For this exercise, repeat each entry exactly as written.

Start of Exercise materials

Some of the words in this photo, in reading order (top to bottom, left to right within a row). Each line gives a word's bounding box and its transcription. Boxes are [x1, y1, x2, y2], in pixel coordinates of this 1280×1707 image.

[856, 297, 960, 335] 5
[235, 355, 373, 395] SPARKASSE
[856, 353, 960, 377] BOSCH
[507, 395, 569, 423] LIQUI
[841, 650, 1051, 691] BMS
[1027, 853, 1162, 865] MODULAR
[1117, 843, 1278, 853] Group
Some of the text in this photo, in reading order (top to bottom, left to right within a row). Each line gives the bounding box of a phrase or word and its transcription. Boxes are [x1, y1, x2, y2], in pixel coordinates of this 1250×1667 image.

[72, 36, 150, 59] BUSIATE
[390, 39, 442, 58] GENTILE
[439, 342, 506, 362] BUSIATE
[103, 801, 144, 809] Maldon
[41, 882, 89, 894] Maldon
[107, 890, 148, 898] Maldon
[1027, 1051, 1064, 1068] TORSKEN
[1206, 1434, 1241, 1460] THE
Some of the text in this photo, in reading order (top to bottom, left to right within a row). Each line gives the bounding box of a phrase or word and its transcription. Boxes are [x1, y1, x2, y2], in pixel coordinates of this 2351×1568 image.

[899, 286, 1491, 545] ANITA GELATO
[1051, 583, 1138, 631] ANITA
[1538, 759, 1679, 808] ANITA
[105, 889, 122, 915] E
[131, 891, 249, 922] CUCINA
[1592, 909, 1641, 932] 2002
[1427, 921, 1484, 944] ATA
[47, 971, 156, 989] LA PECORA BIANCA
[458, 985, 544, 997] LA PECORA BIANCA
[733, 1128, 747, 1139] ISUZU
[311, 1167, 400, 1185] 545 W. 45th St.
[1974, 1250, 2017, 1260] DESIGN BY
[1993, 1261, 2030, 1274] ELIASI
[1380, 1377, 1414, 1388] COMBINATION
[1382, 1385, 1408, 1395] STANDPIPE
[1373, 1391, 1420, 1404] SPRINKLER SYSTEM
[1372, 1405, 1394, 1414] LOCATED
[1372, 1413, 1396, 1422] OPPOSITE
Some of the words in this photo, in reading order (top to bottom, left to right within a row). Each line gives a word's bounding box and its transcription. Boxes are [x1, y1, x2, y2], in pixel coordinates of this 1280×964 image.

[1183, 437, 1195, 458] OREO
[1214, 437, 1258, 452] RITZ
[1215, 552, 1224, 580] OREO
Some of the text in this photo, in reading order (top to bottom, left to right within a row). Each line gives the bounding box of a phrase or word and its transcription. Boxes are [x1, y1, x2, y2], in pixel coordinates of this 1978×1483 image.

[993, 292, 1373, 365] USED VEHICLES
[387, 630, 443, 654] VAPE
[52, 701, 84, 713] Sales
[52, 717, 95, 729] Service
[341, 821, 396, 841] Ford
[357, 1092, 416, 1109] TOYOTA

End of Exercise materials

Solved problem:
Some of the words in this photo, in reading order (top to bottom, left to right within a row). Each line gives a word's bounding box and its transcription. Boxes are [x1, y1, x2, y2], in pixel coordinates of this 1280×1707 image.

[856, 297, 960, 335] 5
[235, 355, 373, 395] SPARKASSE
[856, 353, 960, 377] BOSCH
[507, 395, 569, 423] LIQUI
[841, 650, 1051, 691] BMS
[1027, 853, 1162, 865] MODULAR
[1117, 843, 1278, 853] Group
Some of the text in this photo, in reading order (top to bottom, left to right within a row). Each line gives the bounding box of a phrase or word and its transcription. Boxes are [x1, y1, x2, y2], in pixel coordinates of this 1250×1667 image.

[72, 36, 150, 59] BUSIATE
[390, 39, 442, 58] GENTILE
[439, 342, 506, 362] BUSIATE
[103, 801, 144, 809] Maldon
[41, 882, 89, 894] Maldon
[107, 890, 148, 898] Maldon
[1027, 1051, 1064, 1068] TORSKEN
[1206, 1434, 1241, 1460] THE
Some of the text in this photo, in reading order (top to bottom, left to right within a row). Each line gives the bounding box of a phrase or word and its transcription. Boxes are [x1, y1, x2, y2], in pixel coordinates of this 2351×1568 image.

[899, 286, 1491, 545] ANITA GELATO
[1051, 583, 1138, 631] ANITA
[1538, 759, 1679, 808] ANITA
[105, 889, 122, 915] E
[131, 891, 249, 922] CUCINA
[1592, 909, 1641, 932] 2002
[1427, 921, 1484, 944] ATA
[47, 971, 156, 989] LA PECORA BIANCA
[458, 985, 544, 997] LA PECORA BIANCA
[733, 1128, 747, 1139] ISUZU
[311, 1167, 400, 1185] 545 W. 45th St.
[1974, 1250, 2017, 1260] DESIGN BY
[1993, 1261, 2030, 1274] ELIASI
[1380, 1377, 1414, 1388] COMBINATION
[1382, 1385, 1408, 1395] STANDPIPE
[1373, 1391, 1420, 1404] SPRINKLER SYSTEM
[1372, 1405, 1394, 1414] LOCATED
[1372, 1413, 1396, 1422] OPPOSITE
Some of the words in this photo, in reading order (top to bottom, left to right within a row). Each line gives a word's bounding box and its transcription. Boxes are [x1, y1, x2, y2], in pixel coordinates of this 1280×964 image.

[1183, 437, 1195, 458] OREO
[1214, 437, 1258, 452] RITZ
[1215, 552, 1224, 580] OREO
Some of the text in this photo, in reading order (top to bottom, left to right within a row). Each line gives the bounding box of a phrase or word and its transcription. Boxes are [x1, y1, x2, y2], in pixel coordinates of this 1978×1483 image.

[993, 292, 1373, 365] USED VEHICLES
[387, 630, 443, 654] VAPE
[52, 701, 84, 713] Sales
[52, 717, 95, 729] Service
[341, 821, 396, 841] Ford
[357, 1092, 416, 1109] TOYOTA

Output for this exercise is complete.